Last, consider the mayor’s about-face decision last summer not to support the $4.5 million tax-credit package of ReSTOC, a community-based, nonprofit housing cooperative, intended to finance construction of economically mixed housing in Over-the-Rhine, a project that qualified for state funding. The mayor then forced ReSTOC to sell one of the buildings in its package to a private owner to develop dotcom enterprises.
These examples of institutional violence have one thing in common: the way they market Over-the-Rhine as an idealized version of itself, effectively erasing it as a place for poor people of color. Revitalization efforts are selling an image that has no place for the poor who actually live there. “Development” means attracting people of higher incomes to live and play and work.
I am not suggesting that the neighborhood keep out newcomers, including people of higher means. The point is that the city fights to deny resources to community-based organizations while promoting renovation that caters to white, wealthier residents. And in this process, the buildings and urban ambience are sold like a stage set to folks who want to consume an urban night out. Over-the-Rhine is being Disneyfied, and this requires pushing people who don’t fit the postcard image out of the way. No wonder Over-the-Rhine residents feel resentful.
Gentrification is often advocated as an antisegregation measure. This may be true in the short run, before poor residents are displaced. But community development today is rarely conceived outside the ideology of corporatism, with its lingo of public-private partnerships, enterprise and empowerment zones, tax incentives, and abatements and deregulatory legislation, all of which are ploys to advance privatization and subordinate social movements to the interests of business and the profit system. Community development has been reduced to a kind of plea bargaining with the powers that be, and thus what gets constructed as hope within the community is the desire to have a little more money funneled in its direction. That community institutions persist at all in these circumstances is an amazing testament to their perseverance in meeting desperate need.

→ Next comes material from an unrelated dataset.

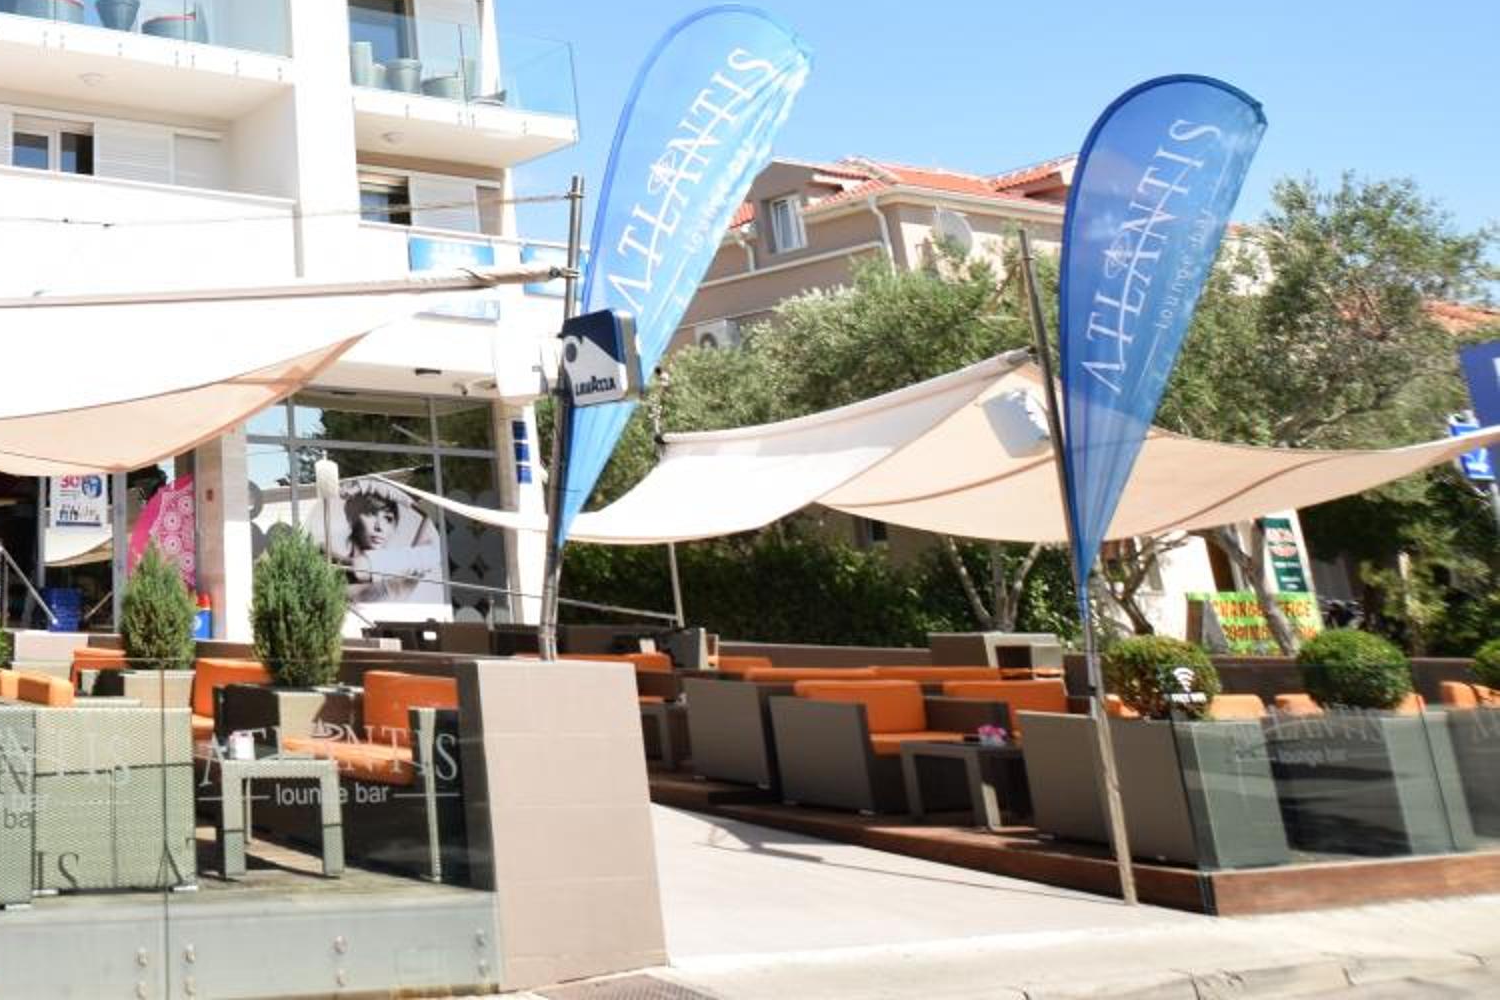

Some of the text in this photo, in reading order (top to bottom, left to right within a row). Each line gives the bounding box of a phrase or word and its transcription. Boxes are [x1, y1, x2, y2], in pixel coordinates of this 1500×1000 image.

Urban disruptions like the rebellion in Cincinnati are indictments of entrenched patterns of police-community relations and community development. Gentrification that produces displacement is an act of violence. Economic development that neglects to provide jobs for Over-the-Rhine residents is an act of violence. Building stadiums and supporting corporations at public expense while closing inner-city schools are acts of violence. We should not be surprised when communities erupt in righteous anger against the bonds of their oppression.